Department of Gastrointestinal Surgery, Jichi Medical University, Tochigi, Japan.
Department of Chemotherapy, Jichi Medical University, Tochigi, Japan.
Ann Surg Oncol. 2021 Jul;28(7):3863-3870. doi: 10.1245/s10434-020-09388-4. Epub 2020 Dec 3.
Intraperitoneal (IP) administration of paclitaxel (PTX) has a great pharmacokinetic advantage to control peritoneal lesions and can be combined with various systemic chemotherapies. In this study, we evaluate the efficacy and tolerability of a combination of IP-PTX and systemic S-1/oxaliplatin (SOX) for induction chemotherapy for patients with peritoneal metastases (PM) from gastric cancer (GC).

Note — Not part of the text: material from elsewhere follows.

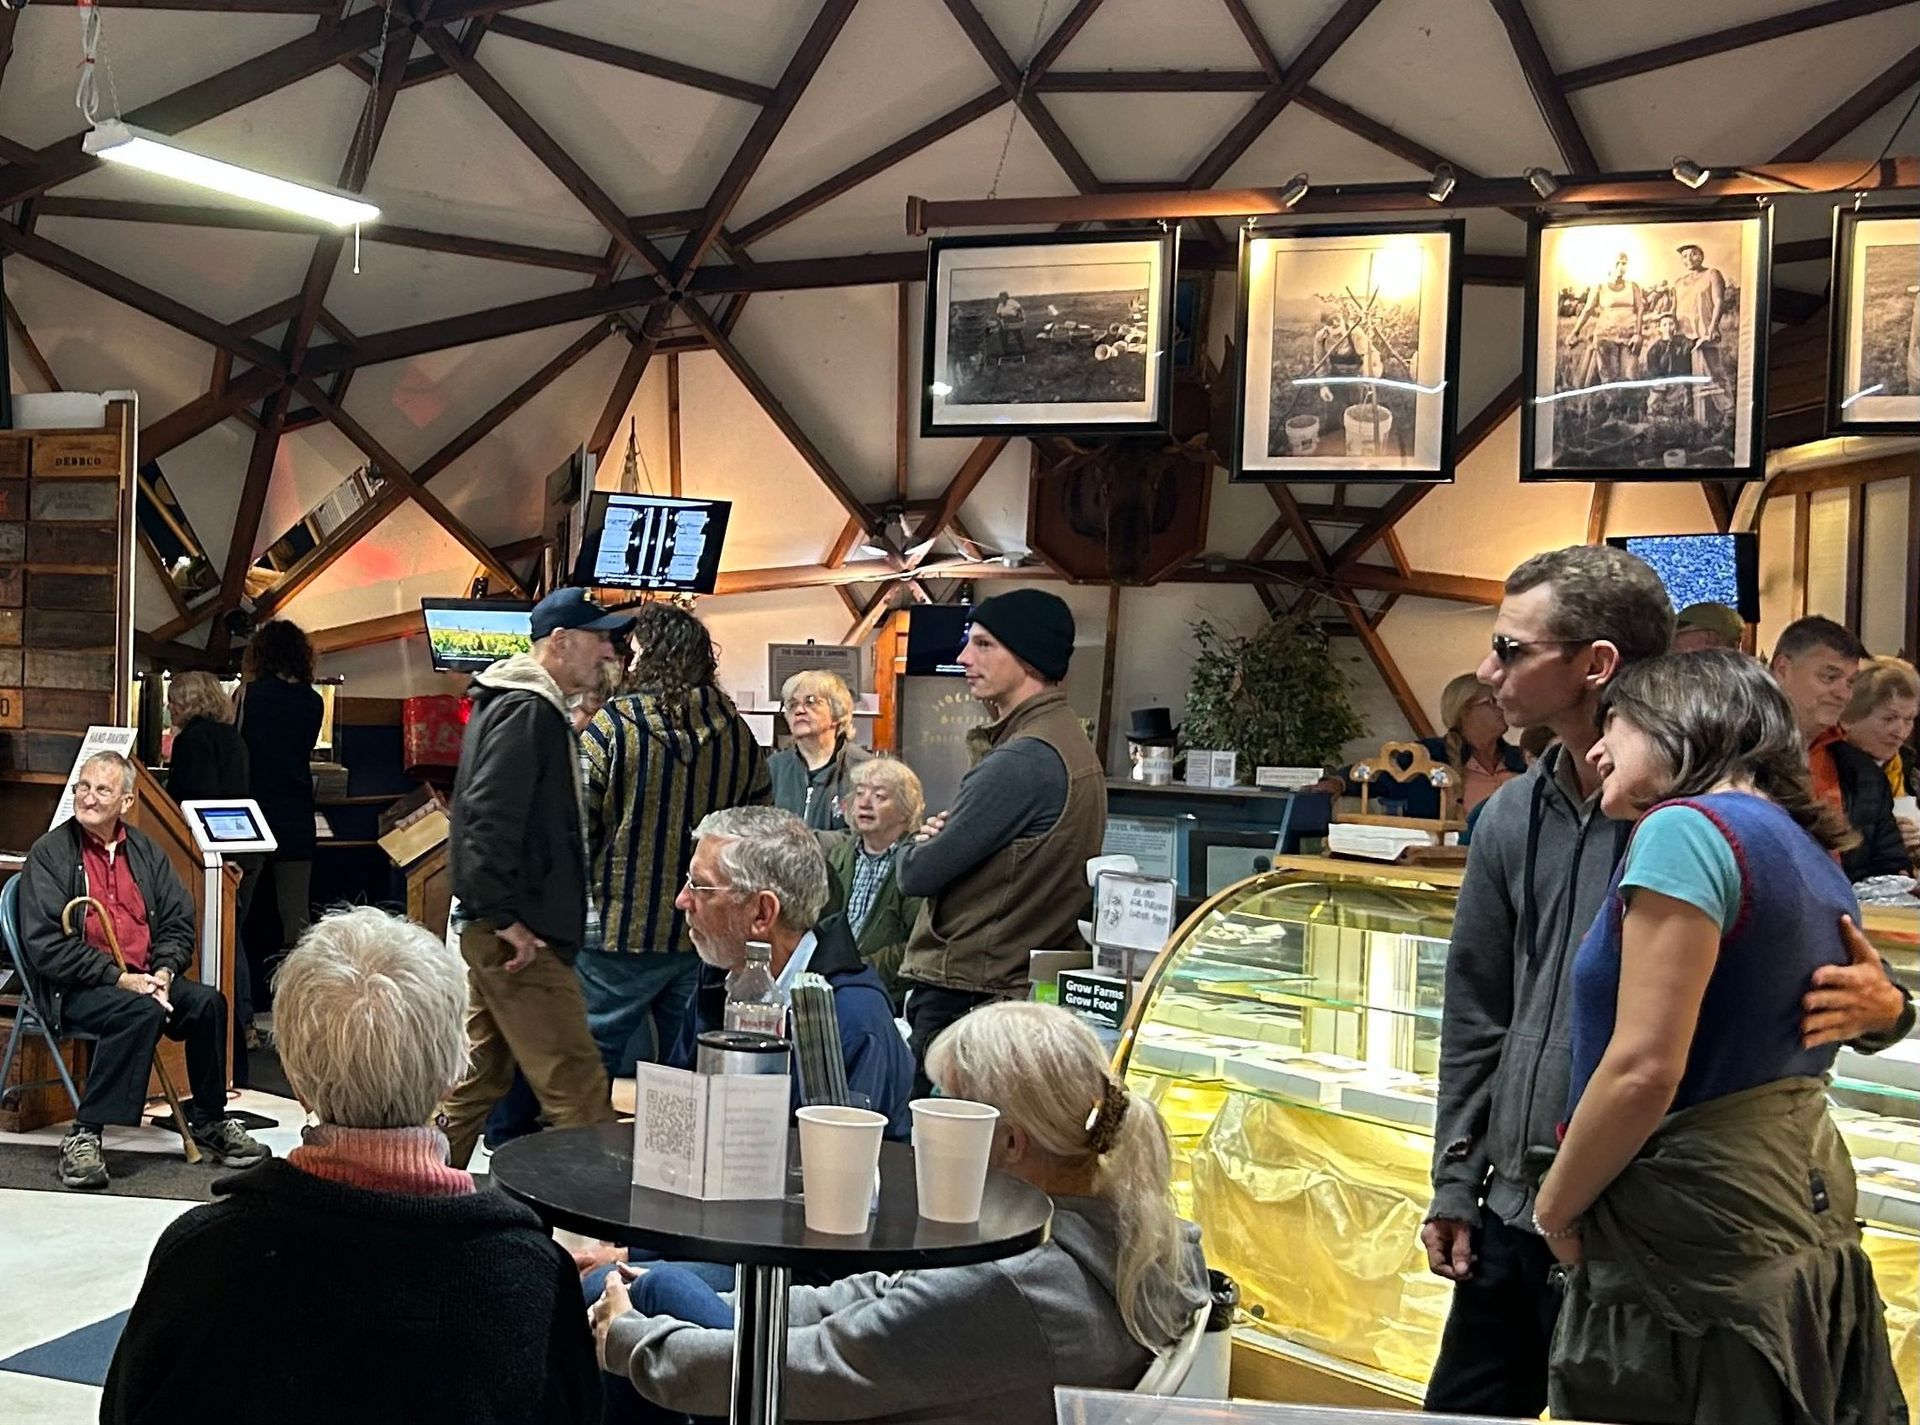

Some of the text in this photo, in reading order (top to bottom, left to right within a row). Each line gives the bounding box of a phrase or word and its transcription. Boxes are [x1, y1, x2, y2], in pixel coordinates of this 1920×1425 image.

[1066, 980, 1124, 1000] Grow Farms
[1065, 993, 1117, 1011] Grow Food

Patients with GC who were diagnosed as macroscopic PM (P1) or positive peritoneal cytology (CY1) by staging laparoscopy between 2016 and 2019 were enrolled. PTX was IP administered at 40 mg/m on days 1 and 8. Oxaliplatin was IV administered at 100 mg/m on day 1, and S-1 was administered at 80 mg/m/day for 14 consecutive days, repeated every 21 days. Survival time and toxicities were retrospectively explored.

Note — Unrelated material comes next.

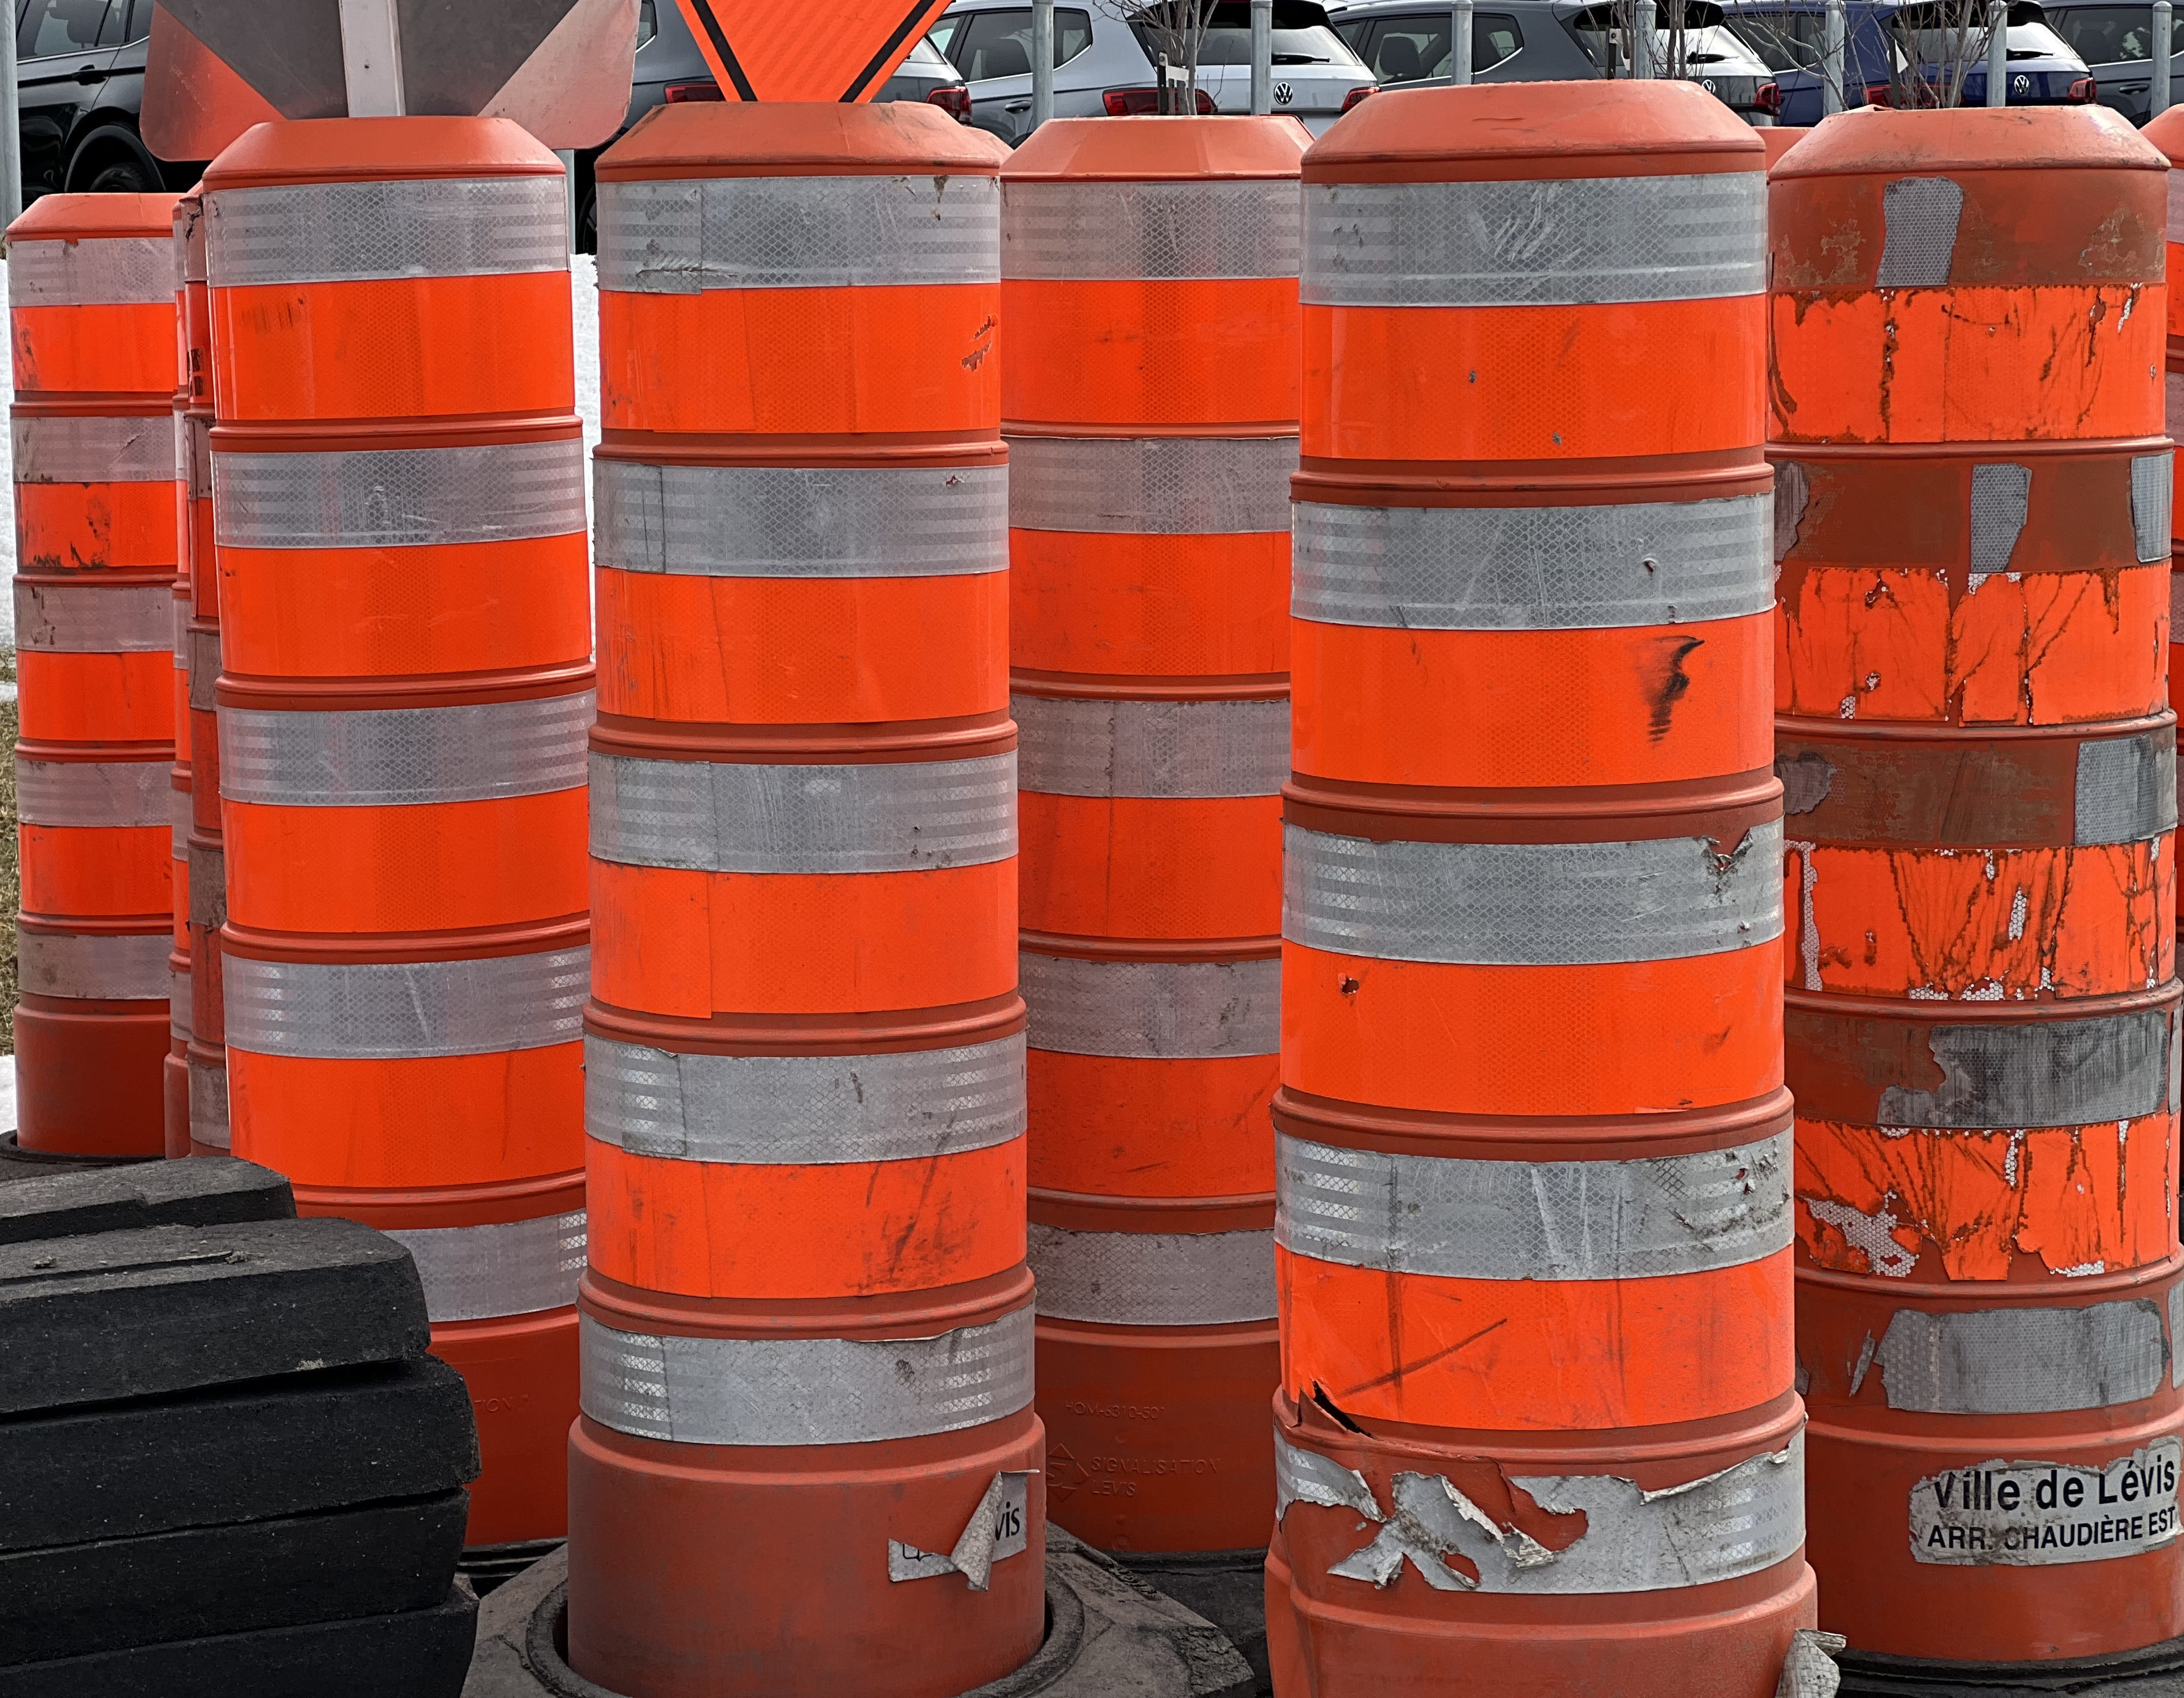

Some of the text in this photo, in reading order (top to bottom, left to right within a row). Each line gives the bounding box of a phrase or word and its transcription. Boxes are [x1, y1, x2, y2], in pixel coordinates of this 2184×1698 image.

[1091, 1456, 1220, 1475] SIGNALISATION
[1933, 1454, 2175, 1511] Ville de Lévis
[995, 1501, 1021, 1541] vis
[1927, 1505, 2176, 1550] ARR. CHAUDIÈRE EST

Forty-four patients received SOX + IP-PTX with a median (range) of 16 (1-48) courses, although oxaliplatin was suspended due to the hematotoxicity or intolerable peripheral neuropathy in many patients. The 1-year overall survival (OS) rate was 79.5% (95% CI 64.4-88.8%) with median survival time of 25.8 months. Gastrectomy was performed in 20 (45%) patients who showed macroscopic shrinkage of PM with a 1-year OS rate of 100% (95% CI 69.5-100%). Grade 2 and 3 histological responses was achieved in four (20%) and one (5%) patients. Grade 3/4 toxicities included neutropenia (11%), leukopenia (39%), and anemia (14%). There were no treatment-related deaths.

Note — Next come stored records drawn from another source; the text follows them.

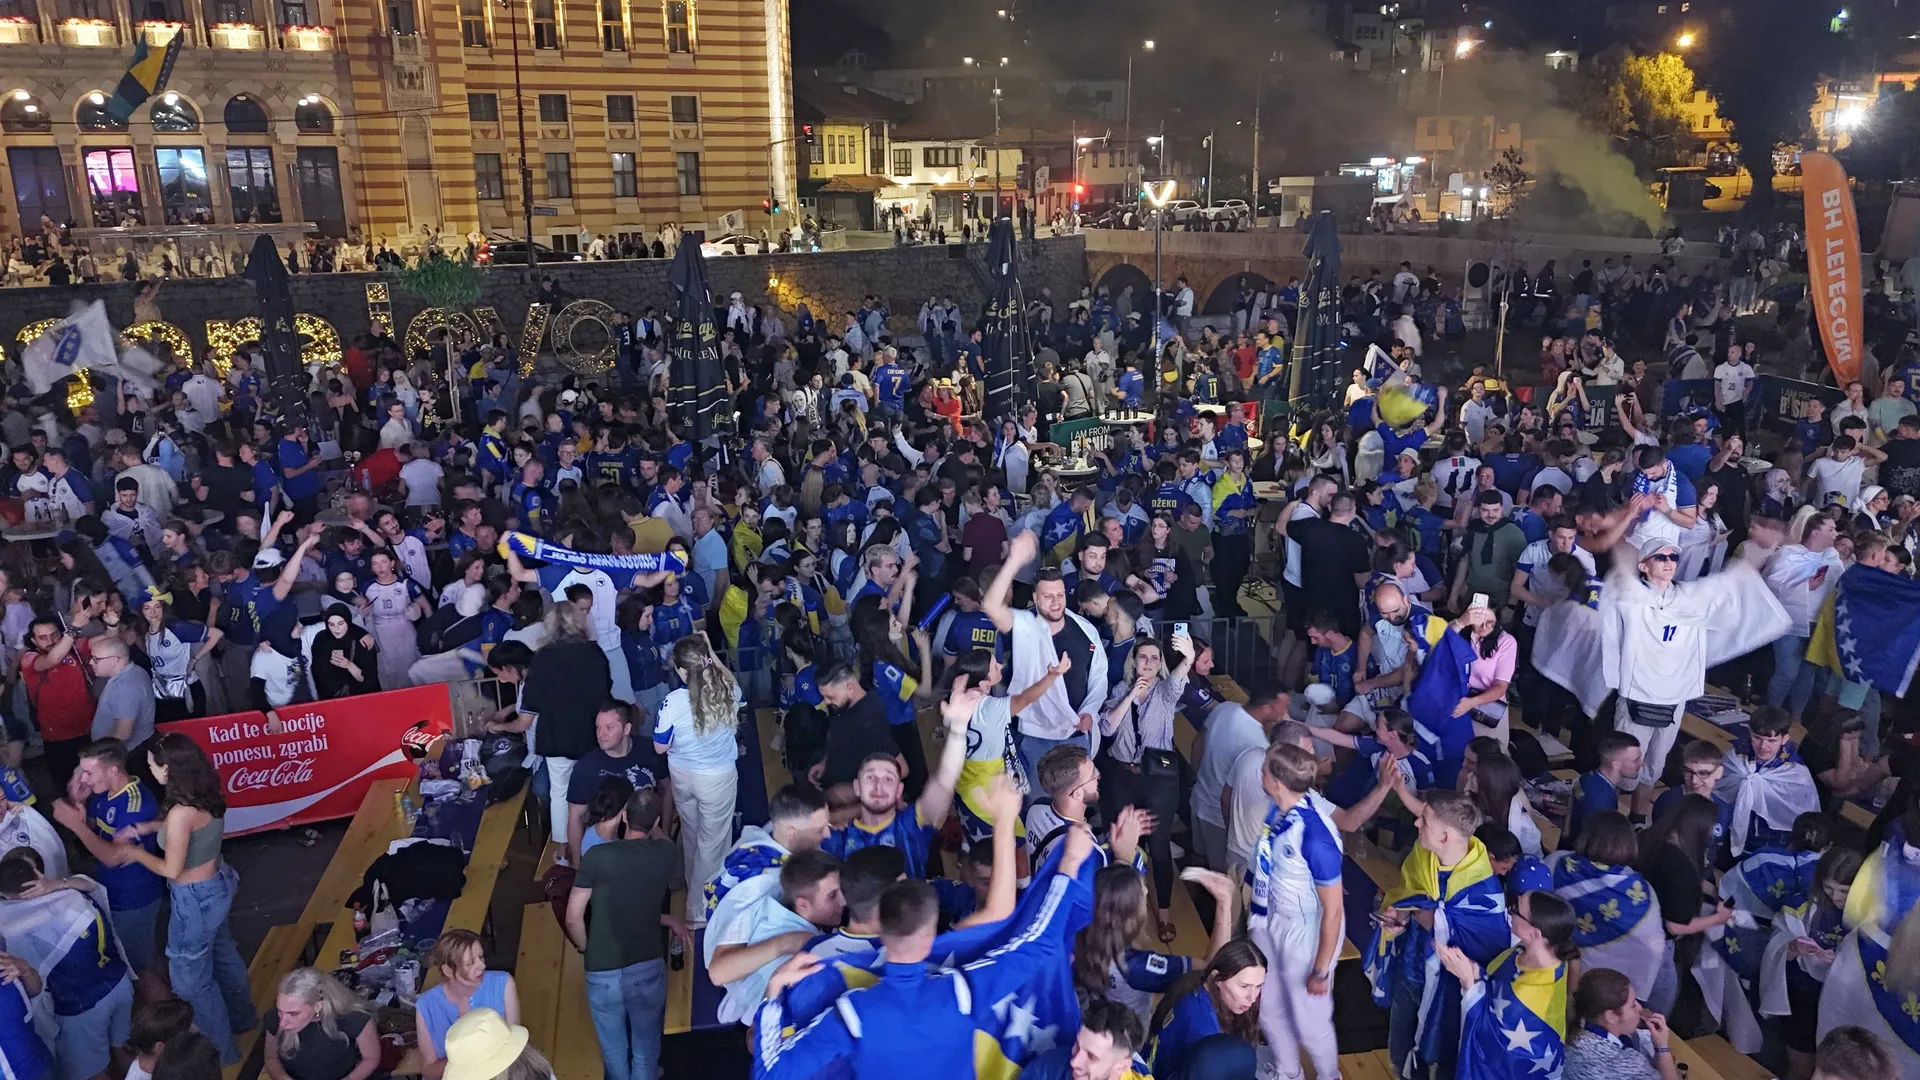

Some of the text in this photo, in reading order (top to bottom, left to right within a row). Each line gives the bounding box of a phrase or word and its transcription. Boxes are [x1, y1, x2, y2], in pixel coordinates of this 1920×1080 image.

[891, 376, 902, 395] 7
[1074, 430, 1087, 439] AM
[1088, 425, 1111, 437] FROM
[1151, 497, 1177, 508] DŽEKO
[208, 722, 240, 743] Kad
[243, 722, 260, 739] te
[212, 735, 328, 769] ponesu, zgrabi
[227, 757, 317, 793] Coca-Cola

Combination chemotherapy using SOX + IP-PTX regimen is highly effective and recommended as induction chemotherapy for patients with PM from GC.
腹腔内(IP)给予紫杉醇(PTX)具有控制腹膜病变的巨大药代动力学优势,并可与各种全身化疗联合使用。在这项研究中,我们评估了 IP-PTX 联合全身 S-1/奥沙利铂(SOX)用于治疗胃癌(GC)腹膜转移(PM)患者诱导化疗的疗效和耐受性。
纳入 2016 年至 2019 年接受分期腹腔镜检查诊断为宏观 PM(P1)或阳性腹膜细胞学(CY1)的 GC 患者。PTX 于第 1 天和第 8 天给予 40mg/m2 IP 给药。奥沙利铂于第 1 天给予 100mg/m2 IV 给药,S-1 于第 1 天给予 80mg/m2/d 连续 14 天,每 21 天重复一次。回顾性探索生存时间和毒性。
44 例患者接受了 SOX+IP-PTX 治疗,中位数(范围)为 16(1-48)个疗程,尽管许多患者因血液毒性或无法耐受的周围神经病变而暂停使用奥沙利铂。1 年总生存率(OS)为 79.5%(95%CI 64.4-88.8%),中位生存时间为 25.8 个月。20 例(45%)患者行胃切除术,PM 宏观缩小,1 年 OS 率为 100%(95%CI 69.5-100%)。4 例(20%)和 1 例(5%)患者达到 2 级和 3 级组织学反应。3/4 级毒性包括中性粒细胞减少症(11%)、白细胞减少症(39%)和贫血(14%)。无治疗相关死亡。
SOX+IP-PTX 方案联合化疗对 GC 腹膜转移患者具有高度疗效,推荐作为诱导化疗。